1.iii Item if you would make sausages out of fish. Scale them and chop them small. Pound them in a mortar, add salt and spices, and fill the guts. Boil them like a fish with wine. Make a yellow pepper sauce (to pour) over it.
1.iiii Item to make small cakes of fish, whichever kind they be. Prepare them well, catch the blood, loosen (i.e. remove) the bones. Keep the heads, tails, and innards, throw out the gall. Then take the fish and chop them small unboiled, that is raw. Pound them well in a mortar. Add flour, raisins and good spices, salt and fat. Fry that well. And serve it in a saucer (ziseünlein) of grated gingerbread (leckchen), that is how it is made. The other (thing) of fish (is made) of the heads, bones and innards. You make a starter dish (vor essen) from that, nicely boiled in wine and seasoned like other fish, yellowed (with saffron) and spiced. Try it for salt(-iness) and serve it. These are two very courtly dishes made from fish.
These are interesting recipes illustrating the lengths to which cooks could go to process foods in the interest of showiness. The amount of labour and spices required elevated already expensive fresh fish to ‘courtly’ level.
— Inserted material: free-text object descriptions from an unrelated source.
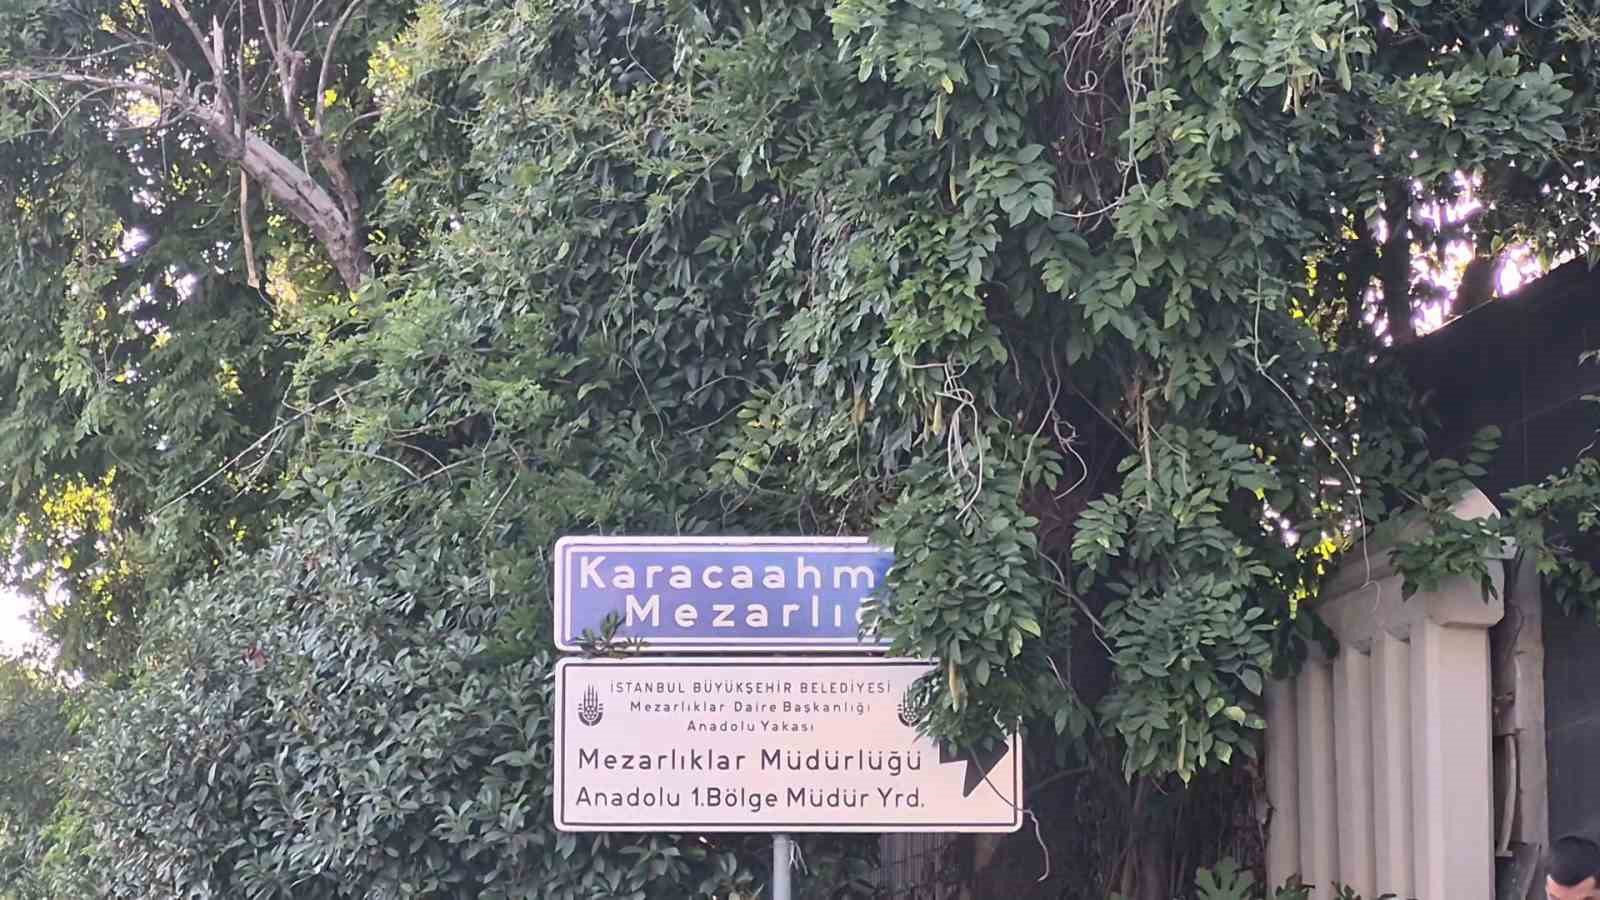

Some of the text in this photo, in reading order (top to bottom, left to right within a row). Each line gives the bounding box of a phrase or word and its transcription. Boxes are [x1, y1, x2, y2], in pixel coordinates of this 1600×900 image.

[579, 556, 892, 590] Karacaahm
[610, 679, 891, 696] İSTANBUL BÜYÜKŞEHİR BELEDİYESİ
[630, 701, 871, 716] Mezarlıklar Daire Başkanlığı
[687, 720, 814, 732] Anadolu Yakası
[578, 748, 922, 777] Mezarlıklar Müdürlüğü
[575, 786, 926, 813] Anadolu 1.Bölge Müdür Yrd.
The last part is hard to parse, presumably because every cook was expected to know how to make a vor essen. These dishes, often known as a fürhess, typically combined smaller, fiddlier parts of meat with a blood-bound, spicy sauce. That made them ideal to get another serving out of a small animal. The process must have been more complex than merely boiling fish heads.
My next (temporary) project are recipes from the Nuremberg Kuchenmaistrey produced around 1490. This was the earliest printed cookbook in German (and only missed being the earliest printed cookbook in any language by a few years). The Kuchenmaistrey (mastery of the kitchen) gave rise to a vibrant culture of amended and expanded manuscript copies as well as reprints spanning almost a century. The recipes seem designed to appeal to a wealthy, literate and cosmopolitan clientele.